The term Pahlevan (پهلوان) is a Persian designation historically used across parts of West Asia to describe certain professional athletes. More than a sporting title, it embodied a moral ideal known as pahlevani, characterized by virtues such as justice, defending the vulnerable, selflessness, and resistance against tyranny.

Etymologically, pahlevan derives from Pahlav combined with the suffix -an, referring to the Pahla region and its people, who were famed for their strength and bravery. Their traditions an amalgam of chivalry and valor became known among Iranians as the "pahlevani tradition" and deeply influenced Iranian social life and epic storytelling.
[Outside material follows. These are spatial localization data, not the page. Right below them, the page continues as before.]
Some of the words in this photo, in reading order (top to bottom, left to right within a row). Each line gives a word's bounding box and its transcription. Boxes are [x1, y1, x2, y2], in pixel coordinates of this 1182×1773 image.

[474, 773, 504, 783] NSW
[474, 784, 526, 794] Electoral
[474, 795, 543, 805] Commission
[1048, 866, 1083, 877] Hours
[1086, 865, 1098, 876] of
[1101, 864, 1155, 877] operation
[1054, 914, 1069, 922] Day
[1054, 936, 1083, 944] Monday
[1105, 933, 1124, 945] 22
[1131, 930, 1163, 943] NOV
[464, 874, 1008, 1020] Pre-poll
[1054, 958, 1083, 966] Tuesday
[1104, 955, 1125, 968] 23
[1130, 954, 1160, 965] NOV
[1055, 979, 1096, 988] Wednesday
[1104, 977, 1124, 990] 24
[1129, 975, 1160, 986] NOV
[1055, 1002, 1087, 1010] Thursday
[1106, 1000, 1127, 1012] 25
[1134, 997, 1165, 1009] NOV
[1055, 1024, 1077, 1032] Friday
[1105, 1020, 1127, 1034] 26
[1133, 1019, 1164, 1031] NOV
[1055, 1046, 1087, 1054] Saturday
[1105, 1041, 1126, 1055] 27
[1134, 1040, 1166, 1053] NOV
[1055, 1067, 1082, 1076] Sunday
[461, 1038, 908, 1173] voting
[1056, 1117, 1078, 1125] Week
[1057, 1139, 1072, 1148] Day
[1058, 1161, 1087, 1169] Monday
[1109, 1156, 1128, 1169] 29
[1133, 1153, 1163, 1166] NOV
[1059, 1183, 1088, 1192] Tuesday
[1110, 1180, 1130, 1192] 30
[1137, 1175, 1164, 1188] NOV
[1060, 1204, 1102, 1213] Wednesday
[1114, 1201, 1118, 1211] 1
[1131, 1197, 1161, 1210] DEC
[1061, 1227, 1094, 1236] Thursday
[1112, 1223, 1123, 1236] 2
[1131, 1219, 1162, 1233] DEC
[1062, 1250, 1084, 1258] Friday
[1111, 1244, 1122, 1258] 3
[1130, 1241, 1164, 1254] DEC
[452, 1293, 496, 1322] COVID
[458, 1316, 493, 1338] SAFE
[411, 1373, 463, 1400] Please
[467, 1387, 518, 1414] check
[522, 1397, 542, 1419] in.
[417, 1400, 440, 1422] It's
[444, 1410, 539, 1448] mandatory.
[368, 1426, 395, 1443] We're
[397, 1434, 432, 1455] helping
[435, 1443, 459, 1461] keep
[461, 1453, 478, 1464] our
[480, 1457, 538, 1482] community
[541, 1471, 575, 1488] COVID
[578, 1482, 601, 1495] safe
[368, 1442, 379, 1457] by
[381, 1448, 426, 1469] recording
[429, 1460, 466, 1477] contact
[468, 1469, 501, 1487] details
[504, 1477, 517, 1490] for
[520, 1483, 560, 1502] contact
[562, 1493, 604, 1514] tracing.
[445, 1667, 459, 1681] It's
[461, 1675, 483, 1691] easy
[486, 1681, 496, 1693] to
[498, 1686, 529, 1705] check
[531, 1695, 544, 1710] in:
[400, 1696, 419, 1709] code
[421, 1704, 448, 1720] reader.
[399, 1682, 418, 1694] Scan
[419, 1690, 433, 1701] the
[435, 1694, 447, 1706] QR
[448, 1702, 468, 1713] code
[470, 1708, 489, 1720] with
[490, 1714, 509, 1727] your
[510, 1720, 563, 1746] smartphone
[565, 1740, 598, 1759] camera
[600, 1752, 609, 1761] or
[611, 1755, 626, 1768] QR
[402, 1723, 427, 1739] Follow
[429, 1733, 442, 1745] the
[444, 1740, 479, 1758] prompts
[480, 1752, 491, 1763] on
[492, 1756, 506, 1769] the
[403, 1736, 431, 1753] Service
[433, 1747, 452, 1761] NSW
== Prominent historical and legendary figures bearing the title pahlevan include ==
- Garshasp
- Rostam ("Jahan Pahlevan" – World Champion)
- Kay Khosrow
- Esfandiyar
- Fileh Hamedani
- Puriya-ye Vali
- Musa Khamis Garzadin Vand
- Ebrahim Hallaj Yazdi
- Hossein Golzar
- Akbar Khorasani
- Hamzeh Ali Pahlevanpour – first national pahlevan of the Pahlavi era and founder of the Pahlevanpour Zurkhaneh
- Hossein Golzar of Kermanshah
- Ali Agha Javidan of Kermanshah
- Seyed Ali Haghnashnas Kamiyab (1906–1973)
- Ahmad Vafadar (1927–2004)
- Gholamreza Takhti (1930–1968), celebrated in wrestling circles as "Jahan Pahlevan"
- Yaghoubali Shorvarzi (1923–1999)
- Khalil Oghab (1924–2023)
- Rasoul Khadem

== Titles and ranks ==
Traditional pahlevani culture recognized a variety of ranks and honorifics:
- Pahlevan of the Nation
Awarded to the wrestler who defeated all other contenders, culminating in a final bout before the monarch.
- Crowned Pahlevan
A title for those who combined wrestling mastery and physical prowess with a reputation for integrity, and who had embraced the spiritual discipline of futuwwa. Through a ritual led by a Morshed (master) and spiritual mentor, they were granted the "Crown of Poverty".
- Bad-oft
A wrestler who, in facing a formidable opponent, demonstrated stubborn resistance and made the contest unusually difficult.
- Counter-Move Specialist
A technical expert capable of neutralizing each maneuver of the opponent, forcing them into a defensive struggle.
- Strongman Pahlevan
Typically among the most robust traditional athletes, these individuals honed their bodies through training with heavy apparatus and performed feats of strength for high-ranking dignitaries or in public venues, often as a profession.
- Konfat-Kon Pahlevan
A wrestler without formal rank who nonetheless showed determination against renowned opponents, sometimes using cunning or unsportsmanlike tactics to tarnish their rival’s reputation.
- Straw Pahlevan
An imposing figure in appearance but lacking skill or courage—one who had not competed seriously, yet claimed great prowess and boasted of defeating famous rivals in words alone.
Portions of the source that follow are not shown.